I haven’t formally studied mathematics for 42 years—and counting! But one thing I do remember from studying math is that it usually not enough just to get the right answer. You’ve got to get the right answer for the right reason. That’s why teachers make you show your work, rather than just fill in the blank with the right answer. Well, that’s kind of what’s going on between Paul and Philemon. That “right answer,” of course, is for Onesimus to be free, to no longer be a slave. The “right answer” is for Philemon to permanently set Onesimus free—to do so openly and legally, as only he was able to do. Paul wants Onesimus to enjoy freedom that is not tainted by being technically illegal and underground. He wants Onesimus to be free openly, transparently, not in the shadows. Onesimus deserved that much as a human being created in the image of God. For Philemon to liberate Onesimus was most definitely the right answer. It would satisfy the obvious demands of justice—obvious to us, at any rate, though probably not so much to Philemon and his contemporaries.

But even that is not good enough for Paul. He doesn’t simply want Onesimus to be free. He doesn’t simply want Onesimus to be legally emancipated by Philemon just because it’s the right thing to do. He wants Onesimus’ freedom to flow naturally from both Onesimus and Philemon having a mutual epiphany, a simultaneous “Aha!” moment. He wants them both to understand that the entire foundation of their relationship is no longer determined by Roman law, or by Greek social custom, but by the new identities that have been given by having both been baptized into the death and resurrection of Jesus Christ. Paul wants them to know that their union in Christ trumps and transforms all other dimensions of their relationship.

But in order to bring them both to such a realization, especially Philemon, Paul has to persuade Onesimus to once again put himself in a very vulnerable position, putting his very freedom at risk. Paul wants Onesimus to return to Philemon and say, “I’m back. What’s next?” And he wants Philemon, in turn, to not merely come to his senses about the immorality of slavery, but to see Onesimus not as a slave, or even a former slave, but as a brother in Christ. “Perhaps this is why he was parted from you for a while, that you might have him back for ever, no longer as a slave but more than a slave, as a beloved brother.” And he wants it to be Philemon’s idea, not a matter of bowing to pressure from his old friend Paul.

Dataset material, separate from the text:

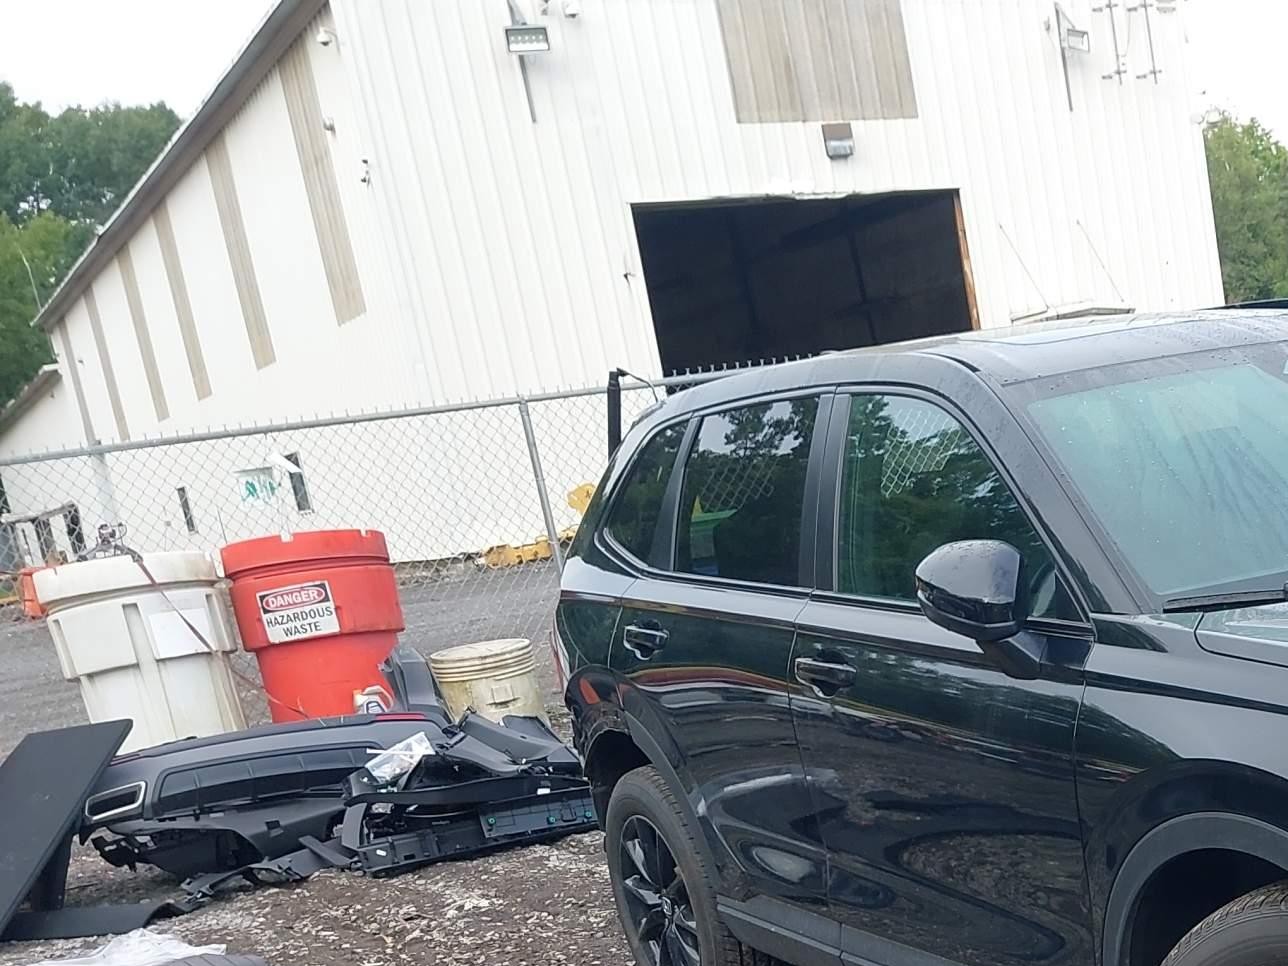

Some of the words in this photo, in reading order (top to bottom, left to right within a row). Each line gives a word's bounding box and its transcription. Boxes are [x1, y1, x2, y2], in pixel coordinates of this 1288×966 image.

[268, 589, 318, 608] DANGER
[266, 606, 333, 629] HAZARDOUS
[282, 621, 322, 637] WASTE

He says, “I preferred to do nothing without your consent in order that your goodness might not be by compulsion but of your own free will.”

Now, chattel slavery is no longer an institution of our society. So we might be tempted to admire Paul’s rhetorical skill in this letter, but then cast it aside as not really relevant. We would be wrong to do so. While we may not deal with slavery in our experience, we do deal with issues of identity. Even more than he wanted freedom for Onesimus, Paul wanted Onesimus and Philemon both to set aside entirely their slave-master relationship. More than wanting it to be over, he wanted them to see it as meaningless, moot, yesterday’s news. Our society invites us to claim our identity—in effect, to name ourselves—in a multitude of ways. Young … old … fat … sick … successful … poor … gay … straight … American … disabled … educated … wealthy … depressed … beautiful … clever … illiterate … illegal … bright … addicted … and many, many more. We are every day sucked into defining ourselves, and therefore our relationship with others, whether we’re aware of it or not, according to these labels. Paul invited Onesimus and Philemon to cast aside “master” and “slave” as categories by which they understood themselves and their relationship to one another, and to adopt instead “brother in Christ.” He invites us, through this letter, to do the same. He invites us to set all those other identities down on the ground—not necessarily as garbage, but simply as no longer necessary, no longer relevant—and keep on moving. He invites us to see our relationships with one another not as people who agree on something, or who share the same political views or the same taste in fashion or music, or whatever, but as sisters and brothers in Christ, marked as Christ’s own forever and sealed with the Holy Spirit in the waters of new birth.

Do we know who we are? Are we ready to live like we know who we are? Amen.